HELLLLLLLLL NO! But at the same time, FUCK YEAH! :laughing:

On the one hand, I generally don't like kids. On the other hand, I'm very interested in evolution and since we only have two goals (survive and reproduce), I should be doing my all to make sure I reproduce as much as possible. So honestly, I'm kinda torn here.


----------



## Alaya (Nov 11, 2009)

Nope.

(insert interesting wall of text for the reason of the above answer to fill the 10 char limit)


----------



## LadyIrime (Jun 6, 2011)

No. For now.

Often I'll see a really cute kid do something really adorable or I'll just see a parent playing with their child & I will feel this weird rush of emotion & sentimentality. And I think of how great it would be to love someone so small & so cute that much.

Then I'll remember myself. That I'm impacient, can't focus on one thing for extended periods of time, am very dismissive of people & their feelings, have an irrational fear of being tied down, hate cooking & cleaning, etc. And I fear that if I do have a kid that they'll end up hurt because of my flaws. And I couldn't bear to do that to my child.

So, it's a no. But as I grow as a person, I want to get to the point where I think I would be able to have a child & help them be the best they could be.


----------



## NikitaOneill (Jan 8, 2012)

There is an innate desire to have about 2 or 3 offspring in the future, the future being when one attains a stable career.


----------



## dejavu (Jun 23, 2010)

I don't actually like kids, so as of now, I don't really want them. I can imagine that I might when I'm in my 30s. But nothing scares me more than pregnancy, so I may just adopt.

My mom is a T woman also and said she didn't have a maternal bone in her body before she had me. She said she was actually advised by her father not to have kids because some people just shouldn't. She had me, though, and was very happy. She just admits that she still didn't like kids that weren't me. Apparently, when I was little, she thought my friends were gross and bratty. I was the angel.

It will probably be the same story if I have a kid.


----------



## Impavida (Dec 29, 2011)

I have no desire to have children. Never have, never will. I first looked into sterilization when I was 13. 

The thought of going through pregnancy and birth makes me feel ill. As a strong introvert, the thought of giving up my personal space is terrifying - I know from past experience that being at the beck and call of another human being 24/7 would drive me insane. Literally. My mental health suffers badly if I don't have at least 2-3 hours of alone time a day.

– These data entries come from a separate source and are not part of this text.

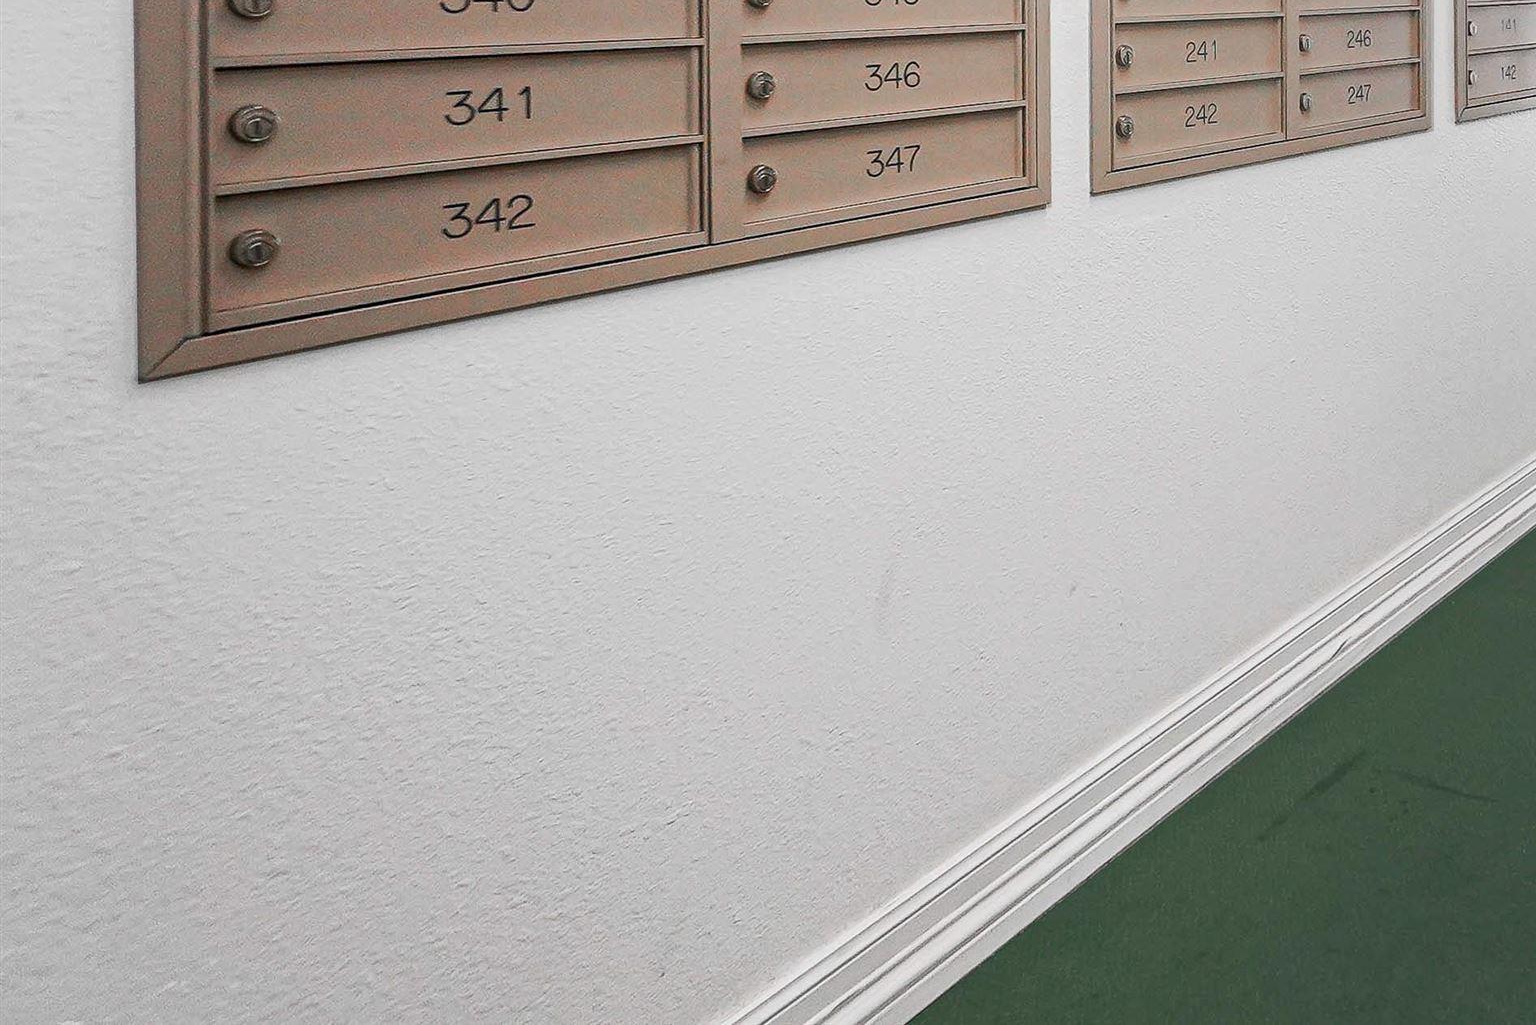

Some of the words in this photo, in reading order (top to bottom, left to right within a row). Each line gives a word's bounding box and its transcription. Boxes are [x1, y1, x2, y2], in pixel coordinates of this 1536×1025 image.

[1346, 29, 1372, 48] 246
[1186, 40, 1218, 63] 241
[865, 61, 920, 91] 346
[1501, 64, 1517, 80] 142
[445, 86, 534, 125] 341
[1347, 84, 1372, 104] 247
[1185, 103, 1217, 128] 242
[867, 145, 920, 177] 347
[441, 194, 536, 239] 342

Mostly though, I've just never wanted them. It has never been on my radar as a possibility.


----------



## wandai (Feb 8, 2011)

2 set of twins, though not at the same time. The mother figure for said children are optional though.


----------



## Draco (Feb 2, 2012)

Gina Alawaye said:


> No. For now.
> 
> Often I'll see a really cute kid do something really adorable or I'll just see a parent playing with their child & I will feel this weird rush of emotion & sentimentality. And I think of how great it would be to love someone so small & so cute that much.
> 
> ...


This, but without that:


Gina Alawaye said:


> Often I'll see a really cute kid do something really adorable or I'll just see a parent playing with their child & I will feel this weird rush of emotion & sentimentality. And I think of how great it would be to love someone so small & so cute that much.


I can't really stand children, especially crying/nagging ones. And yet, maybe with the right person . . must that evolutionary drive thing kicking in.


----------



## O_o (Oct 22, 2011)

If anything, then possibly adoption. 
I'm a very patient person and can put up with children as long as they don't require my constant attention (though I don't tend to prefer spending quality time with them), but I see no logical reason to have some of my own. 
If adoption, then only 1. If more than 1, I know for a fact that I won't have enough energy to provide the need for both of them. 
If 1, than a child of older age. I would never adopt an infant due to lack of being able to provide enough emotional support which the child would require. If the child cried, I'd probably laugh at it or completely ignore it, because that's just the type of 'messed up' person I am


----------



## karpalo (Feb 20, 2012)

Well, two kids would be OK to have. Not now, but maybe in the future.


----------



## Promethea (Aug 24, 2009)

E_N_T_P said:


> What do they call "good breeders" in your country?


I'm not aware of women being labeled that way at all seeing as they are generally seen as more than incubators. If a woman wants to know if shes very fertile, then I suppose she would visit an obgyn for a test. The information yielded from such a test is probably not something a man on a date with a woman typically inquires about. It would generally be seen as cretinish. Women sometimes have these things known as "a personality" (at least thats what I call it in my country) which one would hope is the more important factor in selecting a mate.


----------



## E_N_T_P (Aug 9, 2011)

Promethea said:


> I'm not aware of women being labeled that way at all seeing as they are generally seen as more than incubators. If a woman wants to know if shes very fertile, then I suppose she would visit an obgyn for a test. The information yielded from such a test is probably not something a man on a date with a woman typically inquires about. It would generally be seen as cretinish. Women sometimes have these things known as "a personality" (at least thats what I call it in my country) which one would hope is the more important factor in selecting a mate.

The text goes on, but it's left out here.